InformAI trains its deep learning image classifiers and patient outcome predictors on NVIDIA V100 GPUs through the Microsoft Azure cloud platform and with an onsite NVIDIA DGX Station. The startup worked with data science consulting firm SFL Scientific to develop a convolutional neural network -based deep learning technology stack using top technology resources.

In less than 30 seconds, InformAI's image classifier scans for 20 sinus conditions and flags which ones might be present in a patient's 3D CT scan. This AI tool has also formed the basis for other image classification applications that analyze 3D scans of soft tissue - including detecting common brain cancers from MRI scans.

AI Spots Sinus Conditions

Figuring out the structure of an individual's sinuses is harder than it sounds. Each person's sinus cavities look different, making it challenging for AI to determine if an infection or abnormal mass is present in the eight major sinus cavities and passageways that connect them.

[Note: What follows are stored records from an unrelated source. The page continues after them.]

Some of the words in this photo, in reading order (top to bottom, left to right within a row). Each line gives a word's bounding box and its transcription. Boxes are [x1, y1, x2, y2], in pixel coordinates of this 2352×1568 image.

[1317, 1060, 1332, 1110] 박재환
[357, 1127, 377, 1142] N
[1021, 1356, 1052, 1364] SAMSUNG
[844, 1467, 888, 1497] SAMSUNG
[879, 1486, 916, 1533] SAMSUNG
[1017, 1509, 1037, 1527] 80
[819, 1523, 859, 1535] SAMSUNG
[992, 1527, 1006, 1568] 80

Doctors perform around 700,000 sinus procedures each year in the United States. Using AI to speed up the diagnostics workflow can save on healthcare costs and shorten the time it takes to begin treatment.

InformAI and its healthcare partners built a training dataset was built consisting of approximately 6 million images from 20,000 patient studies. The scans were labeled by a team of radiologists and medical residents who worked with the company on the project.

Radiologists using the startup's platform can examine and analyze 3D sinus CT scans while the predictor neural network is running. In under a minute, the AI results pop up for 20 sinus medical conditions, which the doctors can then use to assist in their diagnosis and treatment planning process.

InformAI is deploying the sinus classifier this spring at a hospital and several clinics to test its effectiveness as an assist tool for radiologists and ear, nose and throat physicians. The team is also going through the regulatory process required for the AI to be certified as a direct diagnostic tool.

A Neural Network for Neurological Disorders

In general terms, the sinus classification neural network extracts 3D segments from a CT scan to analyze whether a particular disease or set of diseases is present in those image segments, Havelka said. Since the network was trained on such a large medical dataset, it can be repurposed using transfer learning to solve image classification problems for a broad range of soft tissue medical applications.

The startup is doing just that. Using transfer learning, the team trained a neural network to detect disease from another kind of soft tissue: the brain.

When a tumor or lesion is identified in the brain, 'it can be life-and-death for patients,' said Havelka. 'Early detection and classification are critical in providing the best treatment options and outcome for patients.'

But different brain tumors and lesions can look alike, and can also resemble other neurological disorders with different treatments. As a result of this classification complexity, a patient's treatment plan can evolve over time.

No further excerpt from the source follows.